10. TYPES OF ROUTING
▸Natting : Works like proxy , both incoming and outgoing
traffic goes through it.
▸Direct Route : Spoof MAC address and send it back.
▸IP Tunneling : Looks like Direct Route but scales across
different DCs
11. LVS
LVS
▸LVS : Linux Virtual server , 20 years old, both Layer 4 and 7
▸IPVS : IP Virtual Server, merged in Kernel 2.4
▸KTCPVS : App LB , in dev for last 8 years.
▸Runs in Kernel Space
▸No dart copy in User Space
▸Managed NOT by config but by System Calls :(
12. LVS IMPLEMENTATION STEPS
# SETUP LVS
$ yum -y install ipvsadm
$ touch /etc/sysconfig/ipvsadm
$ systemctl start ipvsadm && systemctl enable ipvsadm
$ echo 'net.ipv4.ip_forward = 1' >> /etc/sysctl.conf
# CONFIGURE LVS
$ ipvsadm -C # clear tables
# add virtual service [ ipvsadm -A -t (Service IP:Port) -s (Distribution
method) ]
$ ipvsadm -A -t 10.0.0.0:80 -s wlc
# ADD BACKEND SERVERS [ ipvsadm -a -t (Service IP:Port) -r
(Real Server's IP:Port) -i ]
$ ipvsadm -a -t 10.143.45.105:80 -r 10.0.0.1 -i
# confirm tables
$ ipvsadm -ln
# ON REAL SERVERS
$ ip addr add <VIP>/32 dev tunl0 brd <VIP>
$ ip link set tunl0 up arp off
# TURN RP FILTER OFF ( later )
‣ LVS Server Setup on Director
‣ Service Setup
‣ Configure LVS
‣ Real Server Setup
13. CAVEATS PART 1
▸CPU Affinity of Interrupts
▸Kernel tries to load balance IRQ ( Interrupt Request Line ) across
cores.
▸irqbalance service is responsible.
▸cat /proc/interrupts will help see which core will max out.

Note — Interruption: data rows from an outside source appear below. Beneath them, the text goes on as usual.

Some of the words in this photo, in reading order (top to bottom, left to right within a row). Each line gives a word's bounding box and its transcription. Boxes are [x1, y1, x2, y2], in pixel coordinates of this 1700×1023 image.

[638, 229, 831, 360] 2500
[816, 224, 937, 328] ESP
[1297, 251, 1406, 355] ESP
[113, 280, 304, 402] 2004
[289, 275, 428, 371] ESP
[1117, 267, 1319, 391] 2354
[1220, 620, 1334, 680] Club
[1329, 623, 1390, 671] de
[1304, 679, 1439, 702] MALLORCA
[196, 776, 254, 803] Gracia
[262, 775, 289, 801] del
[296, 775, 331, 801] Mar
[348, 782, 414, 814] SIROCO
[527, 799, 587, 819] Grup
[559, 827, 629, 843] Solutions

▸Balance (1) : echo fff > /sys/class/net/eth0/queues/rx-0/rps_cpus
▸Balance (2) : echo 'fff' > /proc/irq/14/smp_affinity
▸Balance (3) : echo '0-3' > /proc/irq/28/smp_affinity_list
14. CAVEATS PART 2
▸RP Filter : To Avoid Spoofing and DDOS
▸Kernel checks whether the source of the received packet
is reachable through the route it came in.

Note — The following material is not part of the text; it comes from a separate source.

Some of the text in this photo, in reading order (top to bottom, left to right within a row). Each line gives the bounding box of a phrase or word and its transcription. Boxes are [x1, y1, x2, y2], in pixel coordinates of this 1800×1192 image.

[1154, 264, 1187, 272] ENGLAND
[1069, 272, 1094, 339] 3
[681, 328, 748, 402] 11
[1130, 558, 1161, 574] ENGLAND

▸To Disable : net.ipv4.conf.tun.rp_filter = 0 in
/etc/sysctl.conf ( and sysctl -p )
▸Source : https://www.slashroot.in/linux-kernel-rpfilter-
settings-reverse-path-filtering
15. LVS MONITORING AND MANAGEMENT
▸No Logs in user Space
▸3 types of logs
▸Rate Stats : Connection per Host, Bytes, packets transfer per host
▸Cumulative Stats : Rate stats collected forever.
▸Full Tuple of Connections : Source IP, Source Port, Dest IP, Dest
Port, State.
▸ipvsadm —list —numeric /—connection /—stats /—rate
▸No concept of HealthChecks ( Use Consul Template ), extensibility.
17. FINAL TEST
▸75 - 80K TPS
▸~20-25K Active
connections
▸100ms mocked
latency
▸Load generation by
GOR
▸Real Servers : Nginx
18. NOT COVERING THESE
▸LVS Connection synchronisation with Passive server.
▸Multiple IPIP Tunnel model for Advanced HA
▸Security with IPTABLES
▸Packet Routing Details with MAC spoofing.
▸Specs and Decision of Bare Metal machines for PT
▸Consul Template Management of LVS
▸Layer 7 LB config of Haproxy and Nginx.